Sample Pipeline Definitions Implementation Plan

For Claude: REQUIRED SUB-SKILL: Use superpowers:executing-plans to implement this plan task-by-task.

Goal: Add sample pipeline definition files to apps/orchestration/management/commands/pipelines/ that demonstrate two usage modes: (1) Pipeline Manager mode (webhook → analyze → notify, skipping checkers) for managing alerts from multiple external servers, and (2) Default/Local mode (full 4-stage pipeline) for monitoring the local server.

Architecture: Create JSON pipeline definition files in apps/orchestration/management/commands/pipelines/ that can be loaded via run_pipeline --config <path>. Each file contains a complete PipelineDefinition config with nodes array. The Pipeline Manager mode uses only ingest → intelligence → notify nodes (no context/checkers), while Default mode includes all stages.

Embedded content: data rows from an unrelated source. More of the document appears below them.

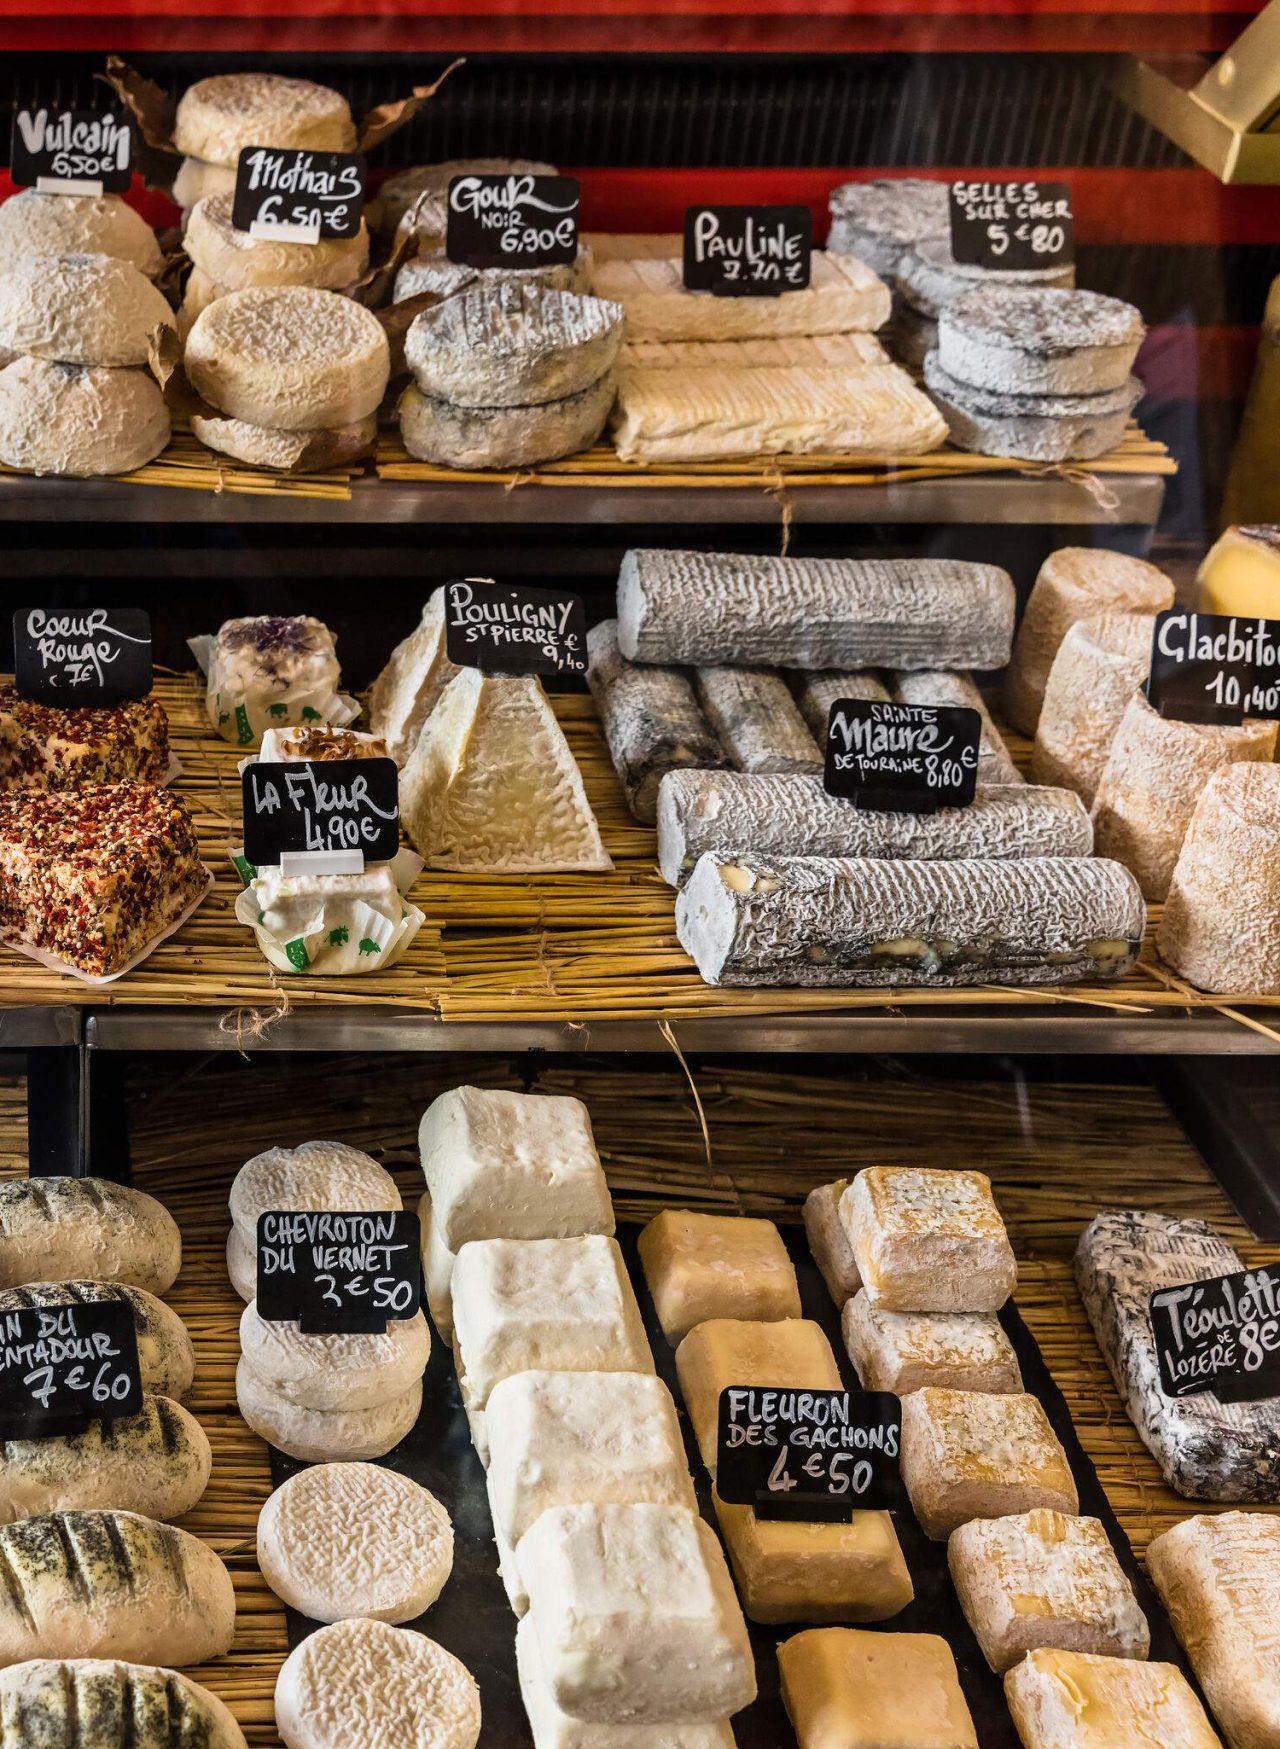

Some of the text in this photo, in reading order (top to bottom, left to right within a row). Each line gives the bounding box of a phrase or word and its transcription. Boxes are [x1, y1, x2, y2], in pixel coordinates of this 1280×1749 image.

[17, 109, 130, 170] Vulcain
[952, 181, 1039, 205] SELLES
[965, 200, 1072, 221] SUR CHER
[500, 218, 575, 252] 6,90€
[1158, 613, 1280, 666] Clacbito
[37, 638, 120, 687] Rouge
[830, 711, 954, 757] Maure
[834, 753, 853, 769] DE
[925, 745, 977, 788] 8,80€
[253, 774, 280, 814] LA
[305, 806, 380, 850] 4,90€
[264, 1213, 395, 1244] CHEVROTON
[261, 1244, 408, 1274] DU VERNET
[37, 1308, 77, 1338] DU
[1216, 1329, 1234, 1344] DE
[727, 1389, 849, 1426] FLEURON
[726, 1423, 899, 1457] DES GACHONS

Tech Stack: JSON files, existing DefinitionBasedOrchestrator, existing node handlers (ingest, intelligence, notify, context)

Alert Context Flow

When alerts arrive from external sources (PagerDuty, Grafana, Alertmanager), the pipeline system passes alert context to the intelligence/analyze node through multiple channels:

1. Database Path (Primary - Full Context)

Alert Payload → Ingest Node → Creates Alert & Incident in DB
                                    ↓
                              Intelligence Node receives incident_id
                                    ↓
                              Fetches Incident from DB (includes all Alert.raw_payload)
                                    ↓
                              Passes full Incident to provider.analyze()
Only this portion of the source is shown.